# Action item
Copy out the entries exactly, and wherever a picture appears, leave it out.

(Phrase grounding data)
"""
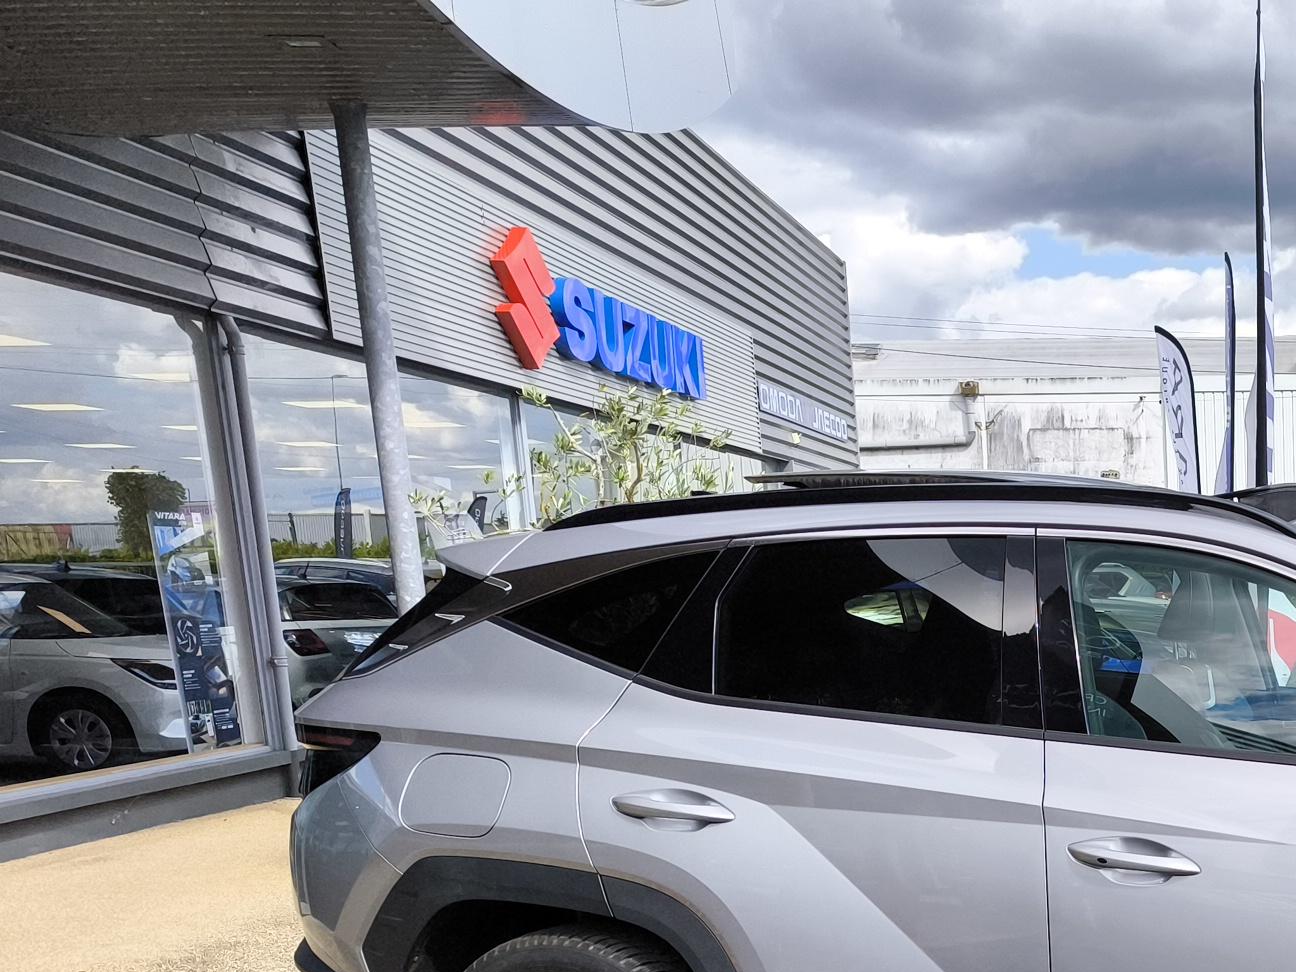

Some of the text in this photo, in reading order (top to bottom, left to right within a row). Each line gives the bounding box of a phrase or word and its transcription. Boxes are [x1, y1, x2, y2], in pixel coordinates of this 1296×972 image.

[555, 277, 707, 399] SUZUKI
[760, 384, 803, 422] OMODA
[155, 511, 186, 521] VITARA
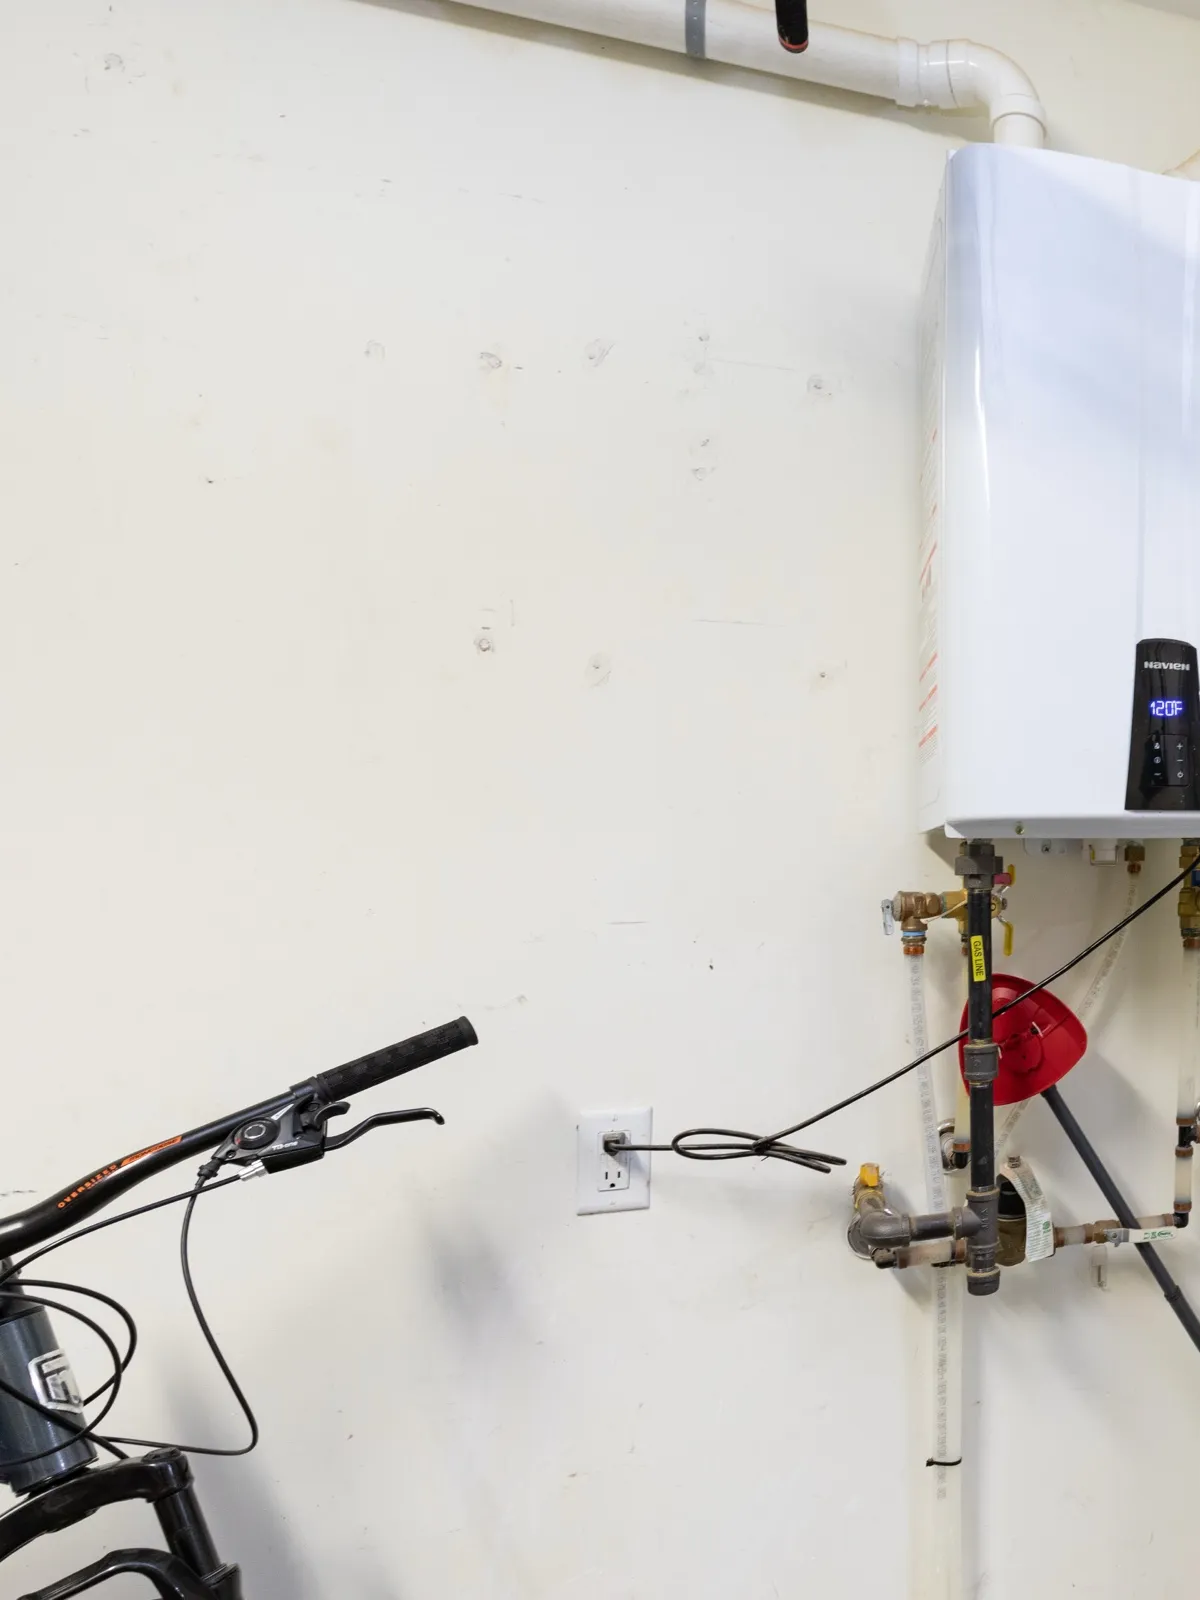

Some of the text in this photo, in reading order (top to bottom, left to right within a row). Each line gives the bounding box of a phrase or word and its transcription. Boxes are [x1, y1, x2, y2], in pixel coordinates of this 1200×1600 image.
"""
# Exercise answer
Some of the text in this photo, in reading order (top to bottom, left to right within a row). Each line gives the bounding box of a phrase or word and its transcription. Boxes are [x1, y1, x2, y2], in pixel coordinates of this 1296×972 image.

[555, 277, 707, 399] SUZUKI
[760, 384, 803, 422] OMODA
[155, 511, 186, 521] VITARA

Some of the text in this photo, in reading order (top to bottom, left to right within a row). Each line gives the bounding box of a phrase or word and its transcription. Boxes are [x1, y1, x2, y2], in pixel coordinates of this 1200×1600 image.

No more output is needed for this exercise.